The answer must reproduce every record exactly, with all pictures omitted.

-*-*-

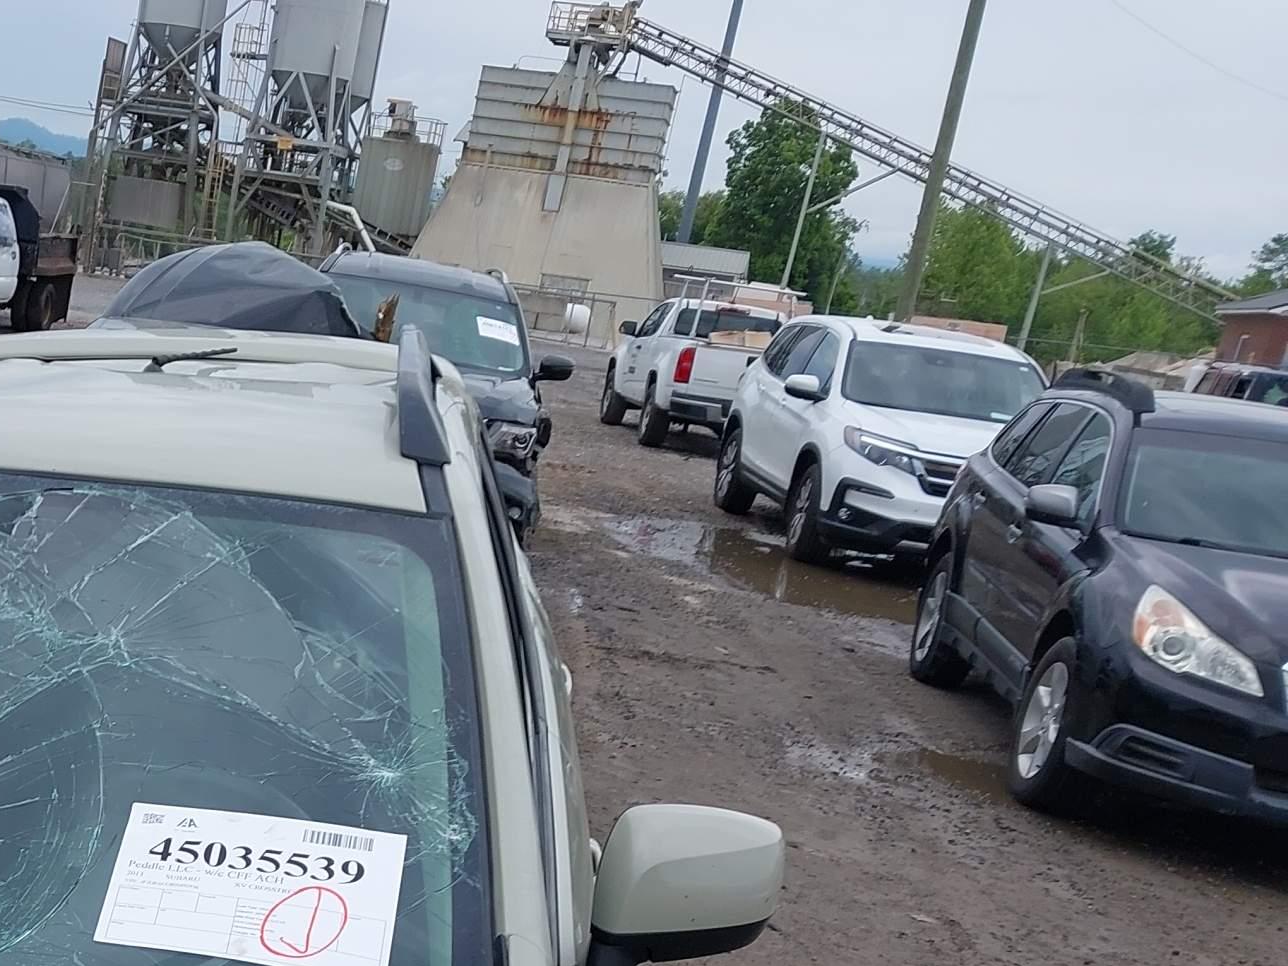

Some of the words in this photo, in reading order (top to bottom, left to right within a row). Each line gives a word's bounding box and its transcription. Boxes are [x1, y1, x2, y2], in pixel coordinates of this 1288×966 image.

[128, 859, 165, 872] Peddle
[168, 864, 194, 874] LLC
[255, 874, 285, 885] ACH
[149, 836, 365, 885] 45035539

-*-*-

**Response below:**
Some of the words in this photo, in reading order (top to bottom, left to right within a row). Each line gives a word's bounding box and its transcription. Boxes are [x1, y1, x2, y2], in pixel coordinates of this 1288×966 image.

[128, 859, 165, 872] Peddle
[168, 864, 194, 874] LLC
[255, 874, 285, 885] ACH
[149, 836, 365, 885] 45035539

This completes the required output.